The purpose of a crypto wallet is to allow users to interact with the blockchain, either using software or a specialized hardware device. The name wallet is perhaps a bit of a misnomer, considering they aren’t actually used to hold cryptocurrency. Instead, wallets serve as an intermediary between a user and their holdings, which “live” on the blockchain.
With a wallet, a user is able to view and manage their cryptocurrency, as well as initiate transactions. They exist in numerous forms, from easy-to-use online web wallets offered by leading crypto exchanges to more technically complex and secure offline, hardware-based wallets.
What all wallets have in common is keys, which are needed to access a user’s crypto assets. When a wallet is created, a pair of keys are generated, one public and one private. These lengthy alphanumeric sequences may appear similar, but their functions are drastically different.
A public key is like a bank account number; it can be shared at will with anybody who wants to send you cryptocurrency, much like how an account number appears at the bottom of a paper check. A private key, on the other hand, can be thought of as your bank account’s PIN code, and should be carefully safeguarded. Anyone who has access to that private key will have complete control over your crypto holdings.
When a user wants to send cryptocurrency, whether it’s to pay for an upcoming trip or buying a new watch, they input the destination wallet’s public key and the amount of crypto they wish to send. The process is reversed when a user instead wishes to receive crypto. Anytime cryptocurrency moves out of a wallet, the transaction must be “signed” using the private key. How that crucial step happens depends on the type of wallet you use.
Related article: All About Bitcoin Wallets
Cold Wallets vs Hot Wallets
Backing up a moment, before delving into the different types of crypto wallets and how they work, it’s important to understand that wallets are divided into two distinct categories: “Hot” and “cold” wallets.
A hot wallet simply means any crypto wallet that is connected to the internet. They’re generally easy to use, so most types of crypto wallets are of the “hot” variety. Hot wallets’ always-on nature makes them excellent for convenience, but that very same trait also makes them more vulnerable to hackers. Because of this, it is not recommended to keep large amounts of cryptocurrency in a hot wallet.
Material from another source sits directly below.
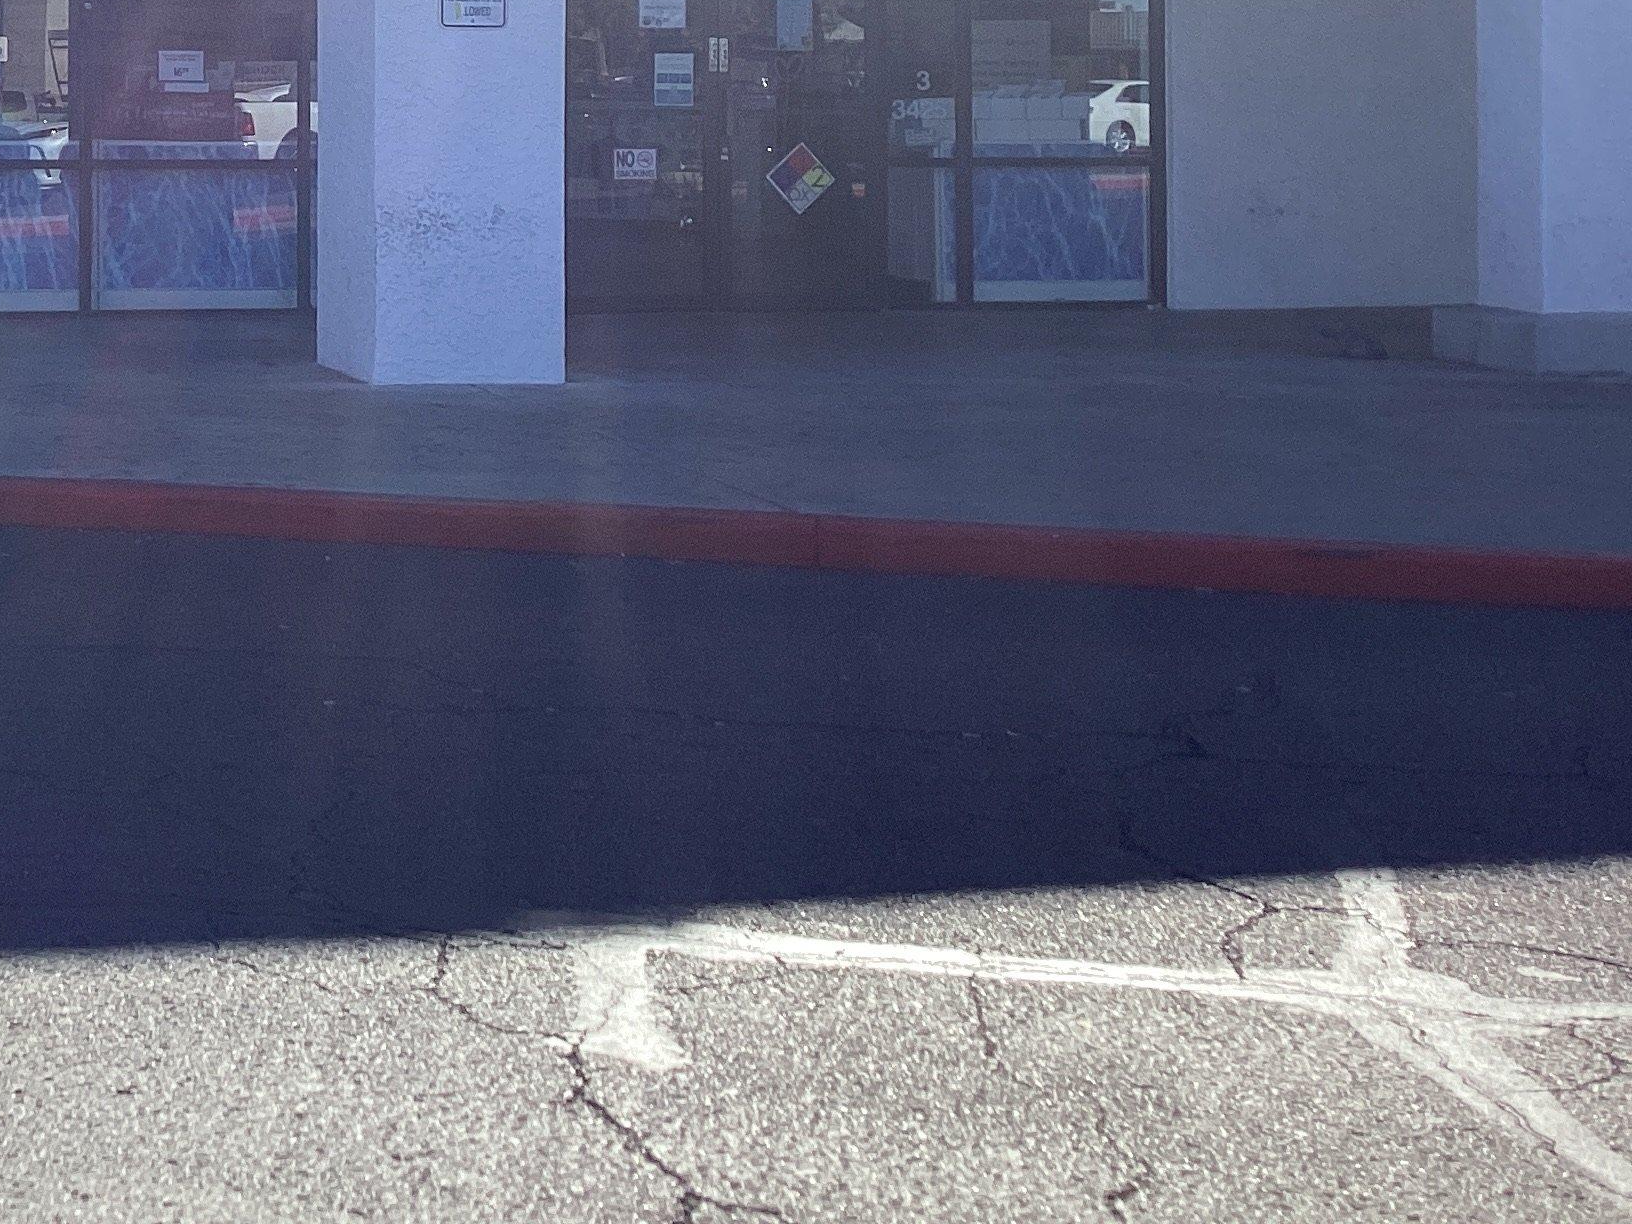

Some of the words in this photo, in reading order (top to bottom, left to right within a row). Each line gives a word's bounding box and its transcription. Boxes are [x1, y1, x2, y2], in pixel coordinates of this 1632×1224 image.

[916, 70, 931, 91] 3
[616, 150, 635, 168] NO
[811, 165, 827, 187] 2
Cold wallets, as you may have guessed, encompass any type of wallet that is offline, or not connected to the internet. Since the only way to interact with the blockchain is through the internet, cold wallets are considered highly secure and virtually impervious to hacking. Cold wallets tend to require a bit more technical know-how, so they’re typically suited for more experienced users or those with large amounts of assets.
Types of hot wallets
For users who always want their crypto by their side and ready to spend, hot wallets are usually the go-to choice. There are several different types of hot wallets available, each with potential benefits and drawbacks depending on your needs.
Desktop wallets utilize encryption to keep a user’s private keys securely stored on their computer hard drive. Read our deep dive into desktop wallet.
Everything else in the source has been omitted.